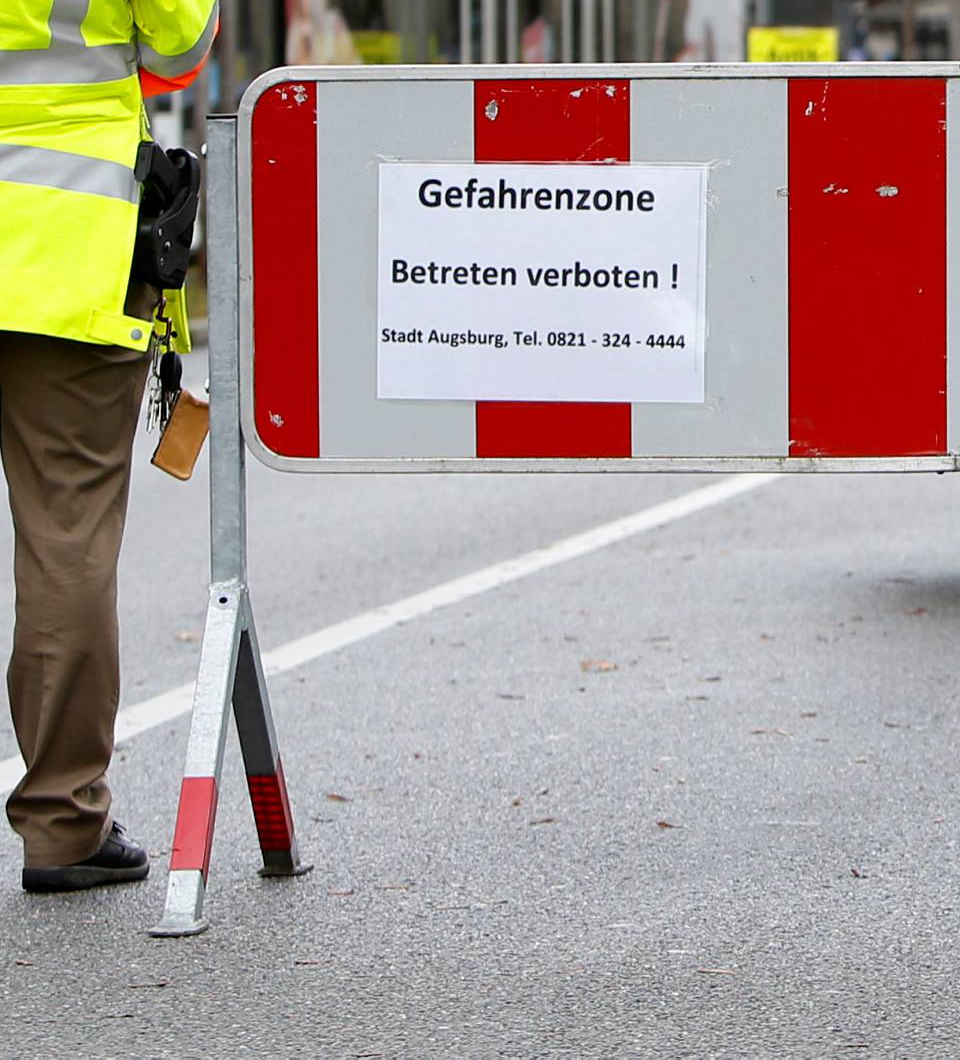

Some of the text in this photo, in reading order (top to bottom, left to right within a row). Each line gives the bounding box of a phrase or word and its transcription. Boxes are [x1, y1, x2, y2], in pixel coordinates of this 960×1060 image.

[418, 177, 655, 213] Gefahrenzone
[391, 258, 680, 290] Betreten verboten !
[381, 327, 424, 344] Stadt
[427, 329, 509, 349] Augsburg,
[512, 330, 543, 347] Tel.
[546, 331, 587, 347] 0821
[601, 332, 632, 348] 324
[645, 333, 686, 349] 4444

○ ○ ○ ○ ○ ○ ○

> [Task to carry out]:
From the first line to the last, copy the records exactly and skip the pictures.

> [Answer below]:
Some of the text in this photo, in reading order (top to bottom, left to right within a row). Each line gives the bounding box of a phrase or word and its transcription. Boxes are [x1, y1, x2, y2], in pixel coordinates of this 960×1060 image.

[418, 177, 655, 213] Gefahrenzone
[391, 258, 680, 290] Betreten verboten !
[381, 327, 424, 344] Stadt
[427, 329, 509, 349] Augsburg,
[512, 330, 543, 347] Tel.
[546, 331, 587, 347] 0821
[601, 332, 632, 348] 324
[645, 333, 686, 349] 4444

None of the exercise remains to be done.